Sparks spoke to Billboard magazine about how the recording process was much different to that of her previous album. Her debut had been recorded in approximately 20 days due to the huge appetite that fans had for her music. On the new album Sparks took her time meaning that not only could she write some of the songs but also had time to make the sound more mature or reject records which she felt unhappy with. Writing for the album began in the middle of 2008.

Music 
On May 18, 2009 it was revealed so far Sparks had recorded 30 songs for the album but would select songs that fit well with the first single "Battlefield" since that was now also the name for the album. Later in May during an interview with Digital Spy, Sparks revealed that she has been involved in writing songs for the album, in total contributing to about 12 of approximately 30 recorded songs. She also revealed that although the album had at that time produced no duets she was hopeful to collaborate with Leona Lewis for a powerful ballad. When asked who else she would like to collaborate with she said Fergie, Justin Timberlake, and Alicia Keys.
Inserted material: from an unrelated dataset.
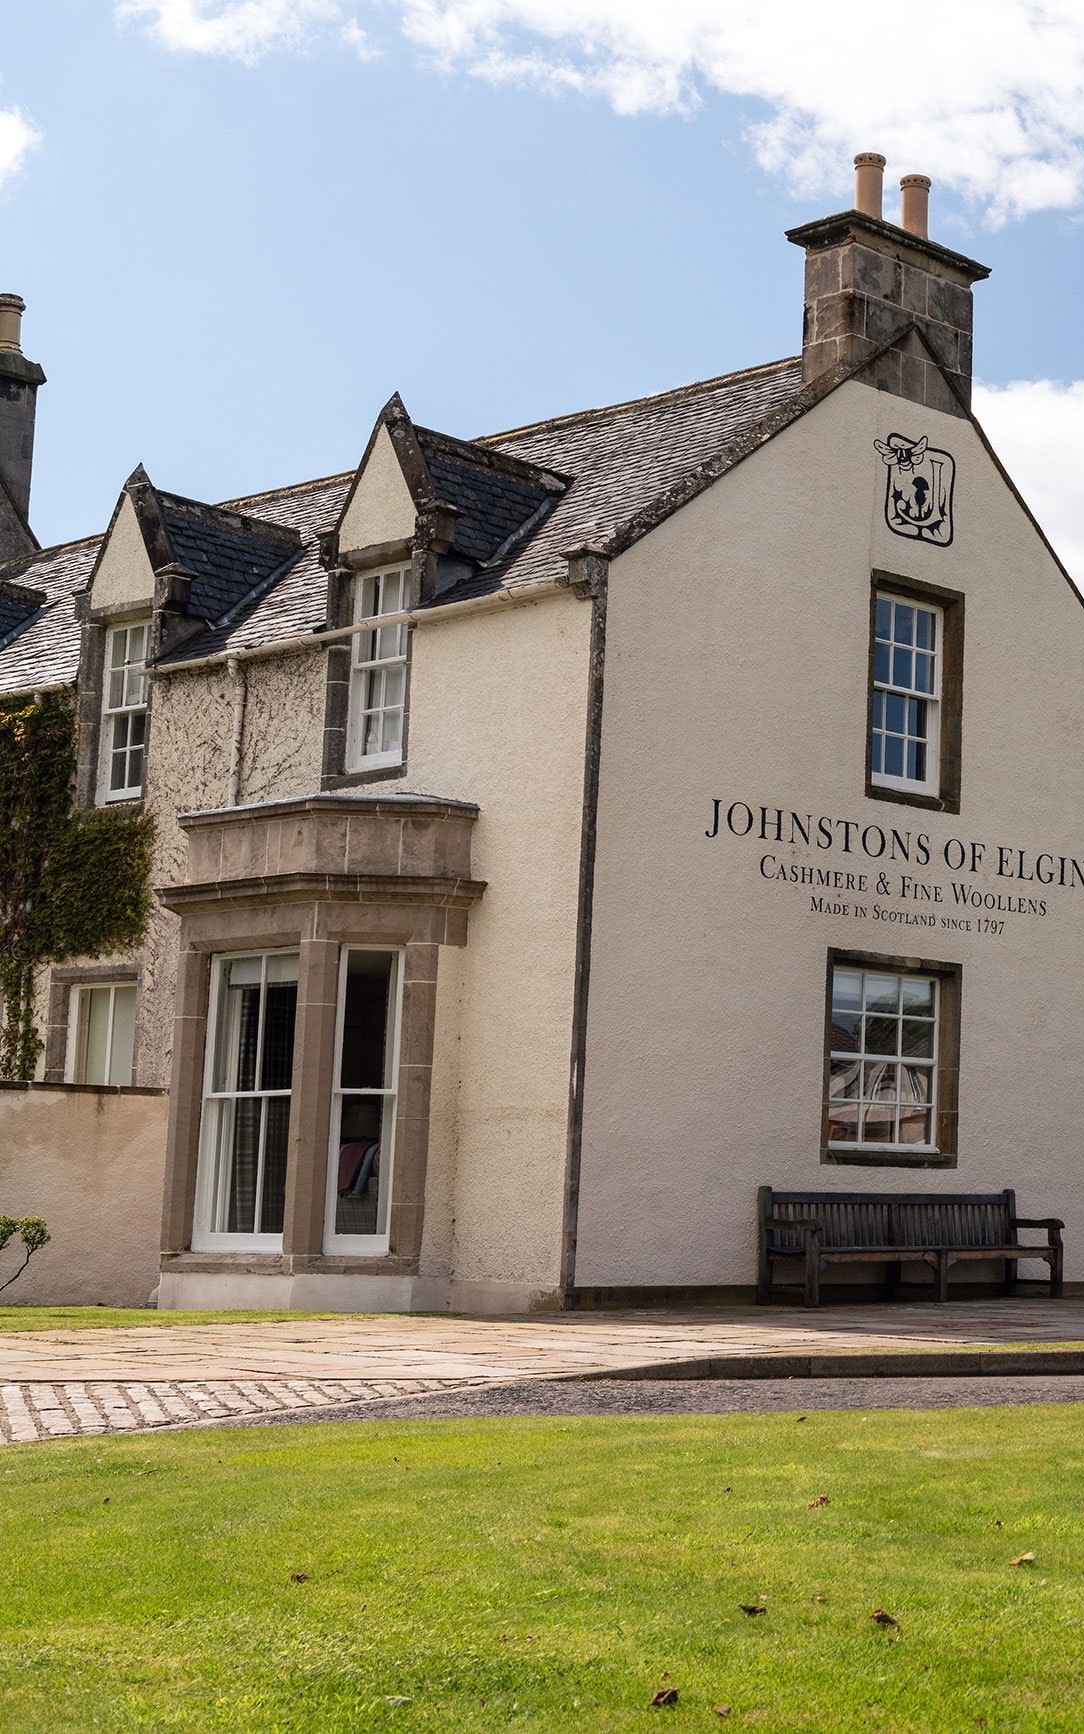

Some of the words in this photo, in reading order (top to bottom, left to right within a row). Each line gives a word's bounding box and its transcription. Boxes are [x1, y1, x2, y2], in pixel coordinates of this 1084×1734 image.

None of these collaborations materialized although Sparks did confirm in an interview that she had made a pact to record a duet with Lewis for her future album as she believes the duo could be the next "Whitney Houston and Mariah Carey". The reason cited for no duets on this album was a lack of time and tight deadlines. As mentioned previously there are no vocal guests on the album although Tedder can be heard single backing vocals and ad-libs on the album's title song "Battlefield". Originally the album was intended to feature one guest in the form of T-Pain who had produced and appeared on the song "Watch You Go" with his signature vocoder (singing autotune), but for unspecified reasons this version of the song was omitted and replaced with a solo version featuring just Spark's vocals. Furthermore, of the 12 songs she has penned four have made the final version of the album ("Emergency (911)", "Was I the Only One", "Faith" and "The Cure") whilst a further two are being used as promotional songs (bonus tracks "Vertigo" and "Papercut"). All together between 30 and 40 songs had been short-listed for inclusion in the album, from which the final track list was selected and mastered.

Release and promotion 
 July 20 – Good Morning America
 July 21 – Live with Regis and Kelly, Entertainment Tonight, Late Night with Jimmy Fallon
 July 22 – interviewed on The Today Show
 July 23 – interviewed on It's On with Alexa Chung
 July 24 – The Wendy Williams Show
 August 9 – appearance at the Teen Choice Awards
 August 17 – Live with Regis and Kelly
 September 17 – VH1 Divas
 October 13 – Performance of "S.O.S. (Let the Music Play)" on The Paul O'Grady Show in the UK.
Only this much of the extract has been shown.